In 2005, a venerated old, male writer grabbed a woman's breast without her permission, on stage, in front of thousands. The science fiction community was befuddled, tripped over its own feet in confusion, and nothing decisive proceeded.




Now large numbers of pro writers have signed pledges not to attend conventions without harassment policies. Activists like Elise Mathesen, Genevieve Valentine, and Rose Fox, among so, so many others, have stood up to make those policies mean something.




And yet more activists, like Mary Robinette Kowal, Michael and Lynne Thomas, and Mari Ness, have come up with a similar pledge about accessibility policies, to try to extend that energy and protection to disabled congoers.

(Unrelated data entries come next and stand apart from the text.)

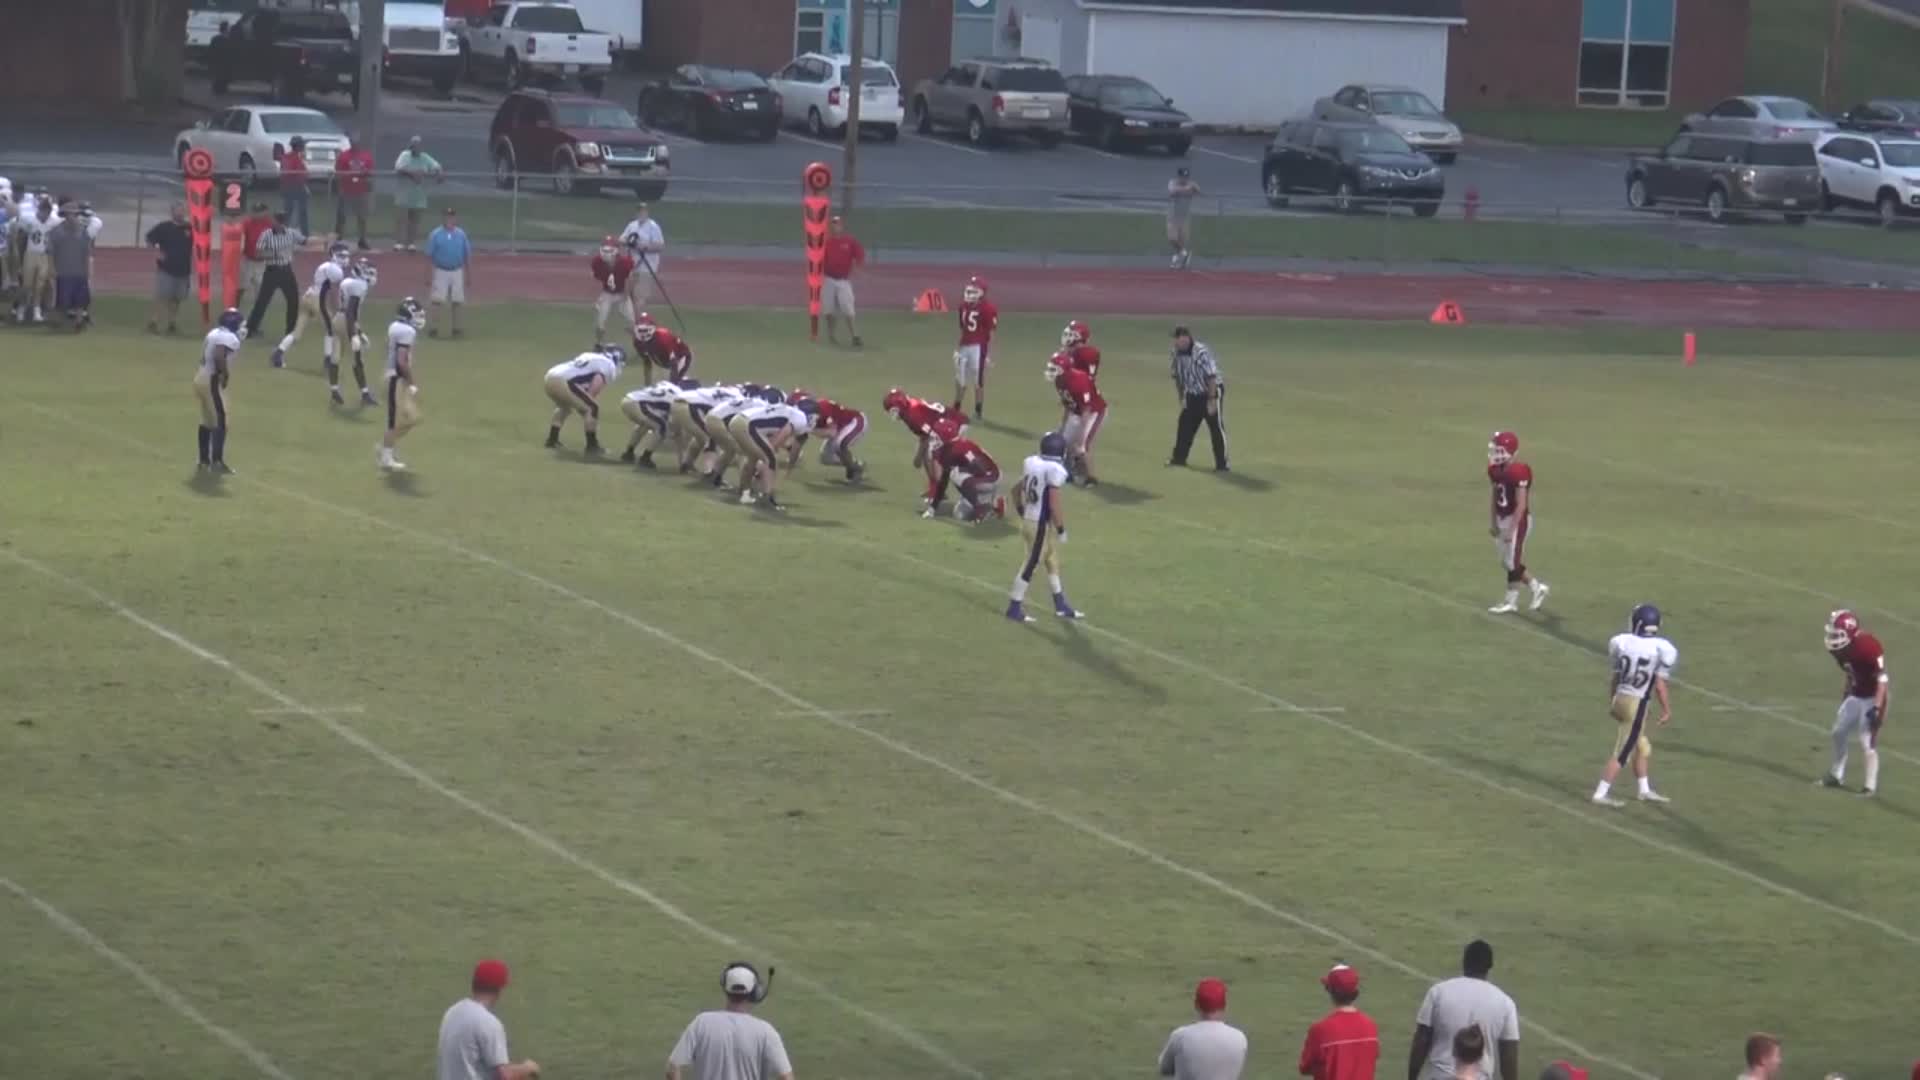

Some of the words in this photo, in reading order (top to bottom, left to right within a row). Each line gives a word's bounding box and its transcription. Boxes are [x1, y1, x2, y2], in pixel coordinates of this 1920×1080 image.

[226, 183, 241, 208] 2
[607, 273, 617, 291] 4
[927, 292, 942, 311] 10
[962, 311, 979, 332] 15
[1445, 304, 1457, 320] G
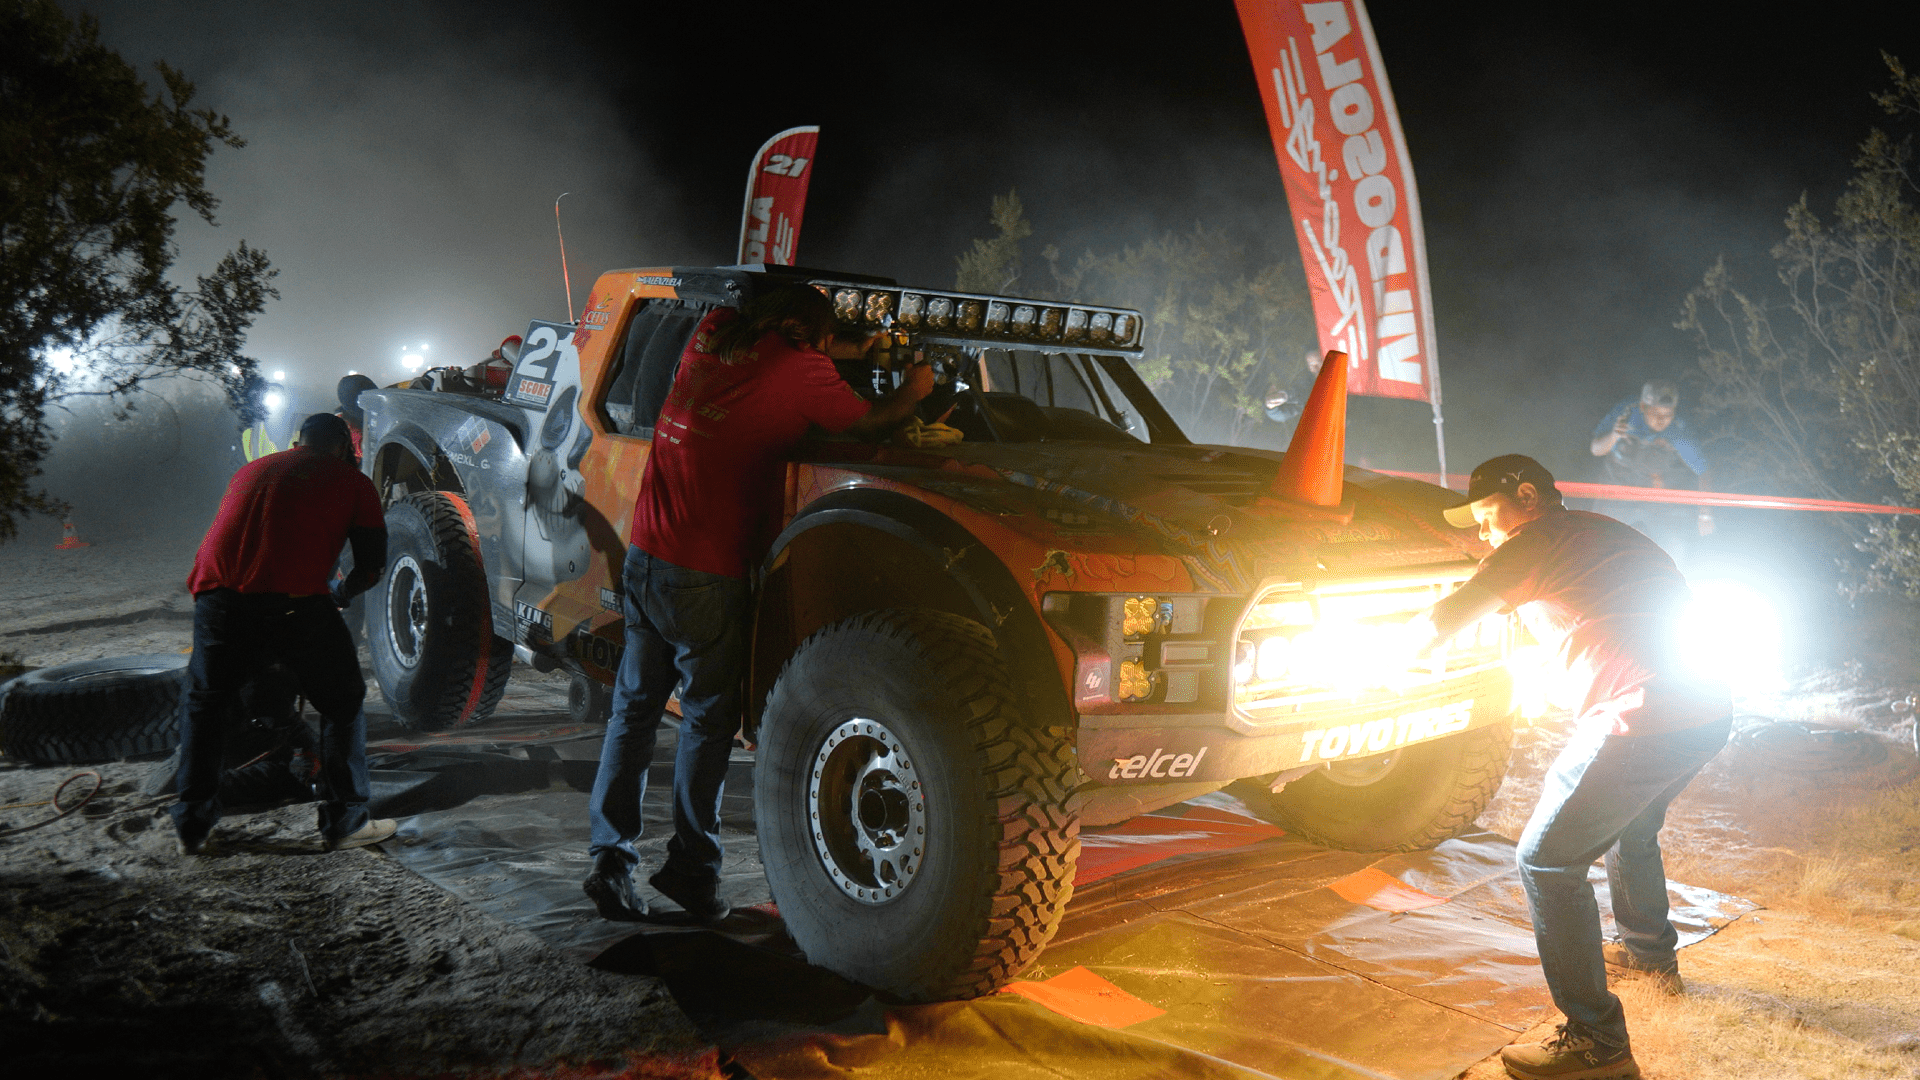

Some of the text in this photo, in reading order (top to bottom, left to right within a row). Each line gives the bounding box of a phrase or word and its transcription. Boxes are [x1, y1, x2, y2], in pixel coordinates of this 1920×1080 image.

[763, 153, 810, 178] 21
[516, 326, 576, 381] 21
[519, 379, 552, 398] SCORE
[518, 602, 552, 628] KING
[1300, 699, 1474, 762] TOYO TIRES
[1108, 746, 1208, 780] telcel
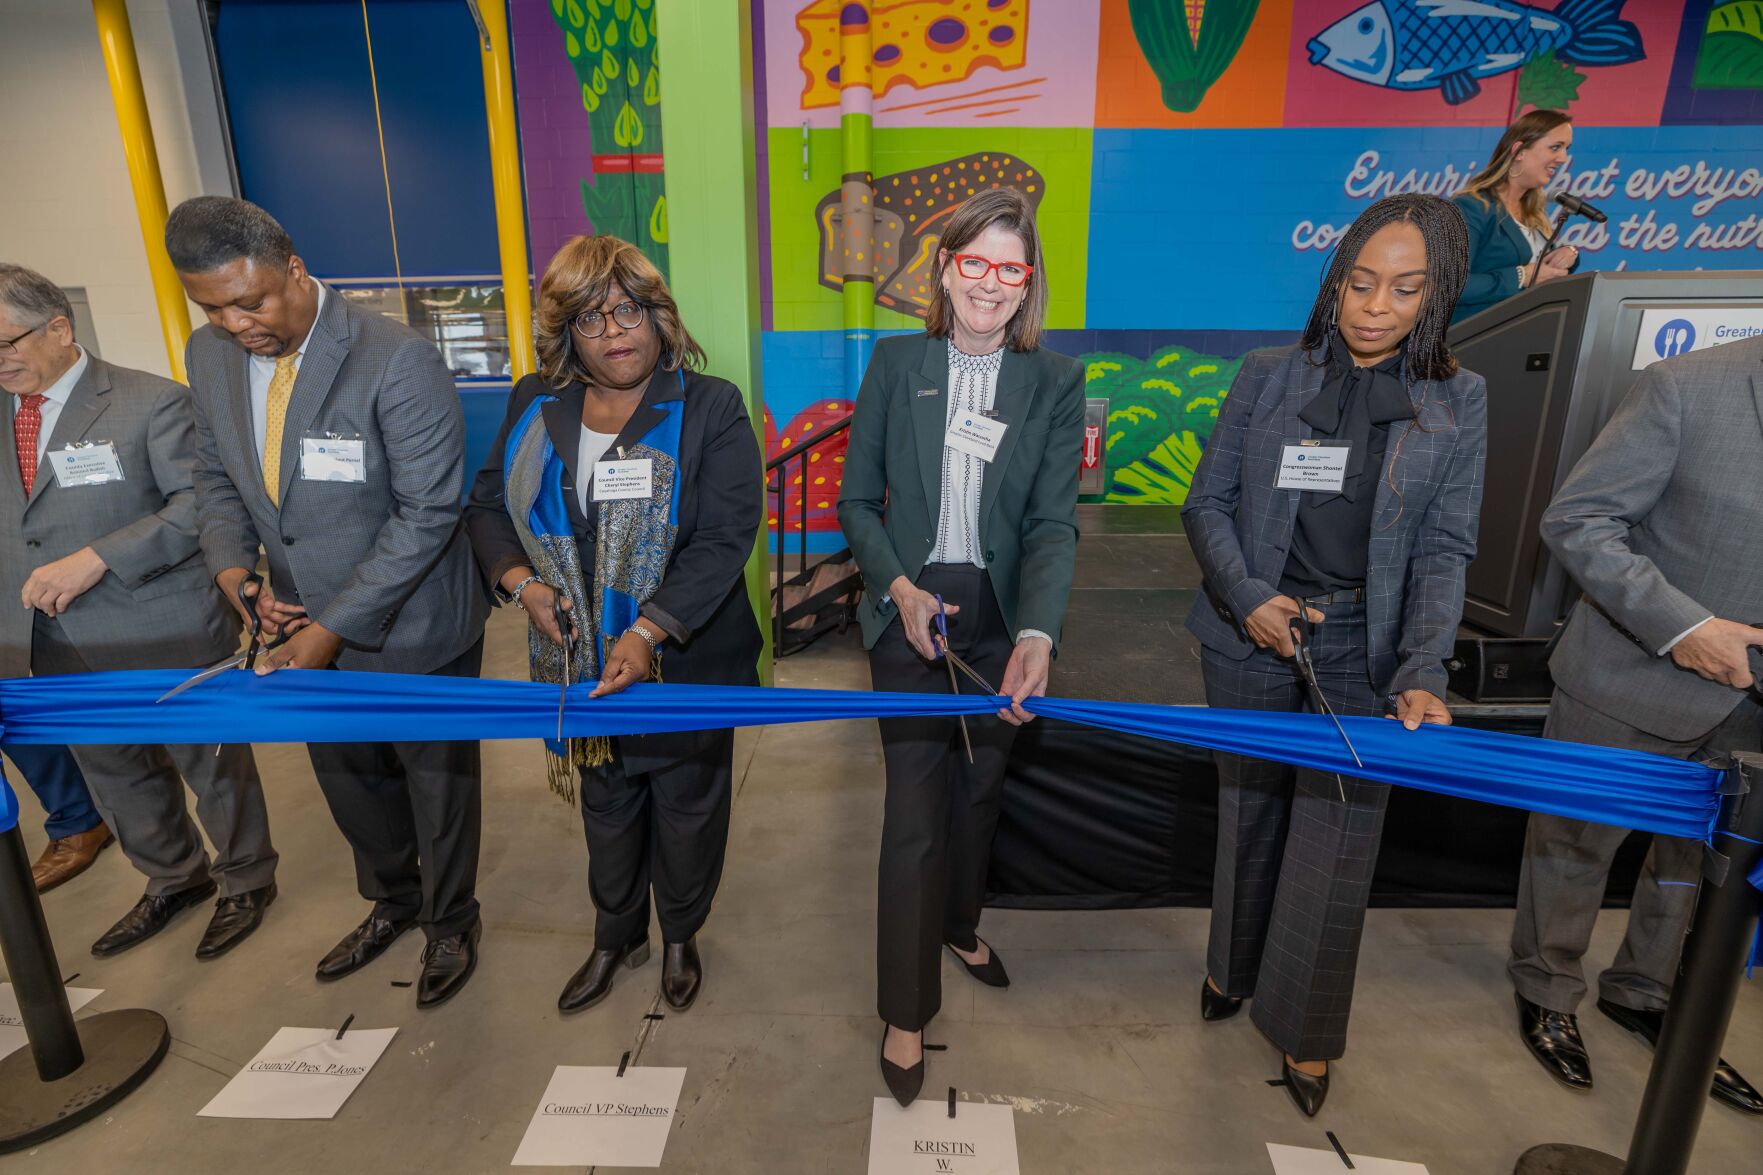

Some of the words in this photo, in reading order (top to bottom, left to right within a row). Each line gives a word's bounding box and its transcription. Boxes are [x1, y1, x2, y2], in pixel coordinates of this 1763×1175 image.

In 2008, fans of color stood up to be counted, because white people didn't even really believe they were there.




I hope most white people know better now. It's been a long time since I saw someone suggest everyone who said they were brown was a sock puppet.




Con or Bust did that. Tempest Bradford did that. The Carl Brandon Society did that. Smart, dedicated, writers activists and fans, did that, by raising their hands.




When I came into the field, I knew a little about post-colonial and Indian diasporic science fiction because of my anthropology classes, and I'd been reading some Japanese fiction in translation. But it's only been in the past several years -- thanks to the efforts of American translators like Ken Liu, and international critics and writers like Charles Tan and Lavie Tidhar -- that non-anglophone speculative fiction is being widely read and heard in the United States, leading to the recognition of powerful, non-Western writers like Liu Cixin.




Every single moment of progress has had its backlash, of course. When Nora Jemisin came to deserved prominence as one of this century's most important, emerging voices, jealous graspers tried to put her back in her "place." Elise Mathesen and Genevieve Valentine are still subjected to victim blaming.




But they made a difference. They're still making a difference.




If my post on Mary Robinette Kowal's blog was about why people still need to stand together, then this post is the light side of that. When we push hard, and when we bear the costs of pushing, we can make progress. We have.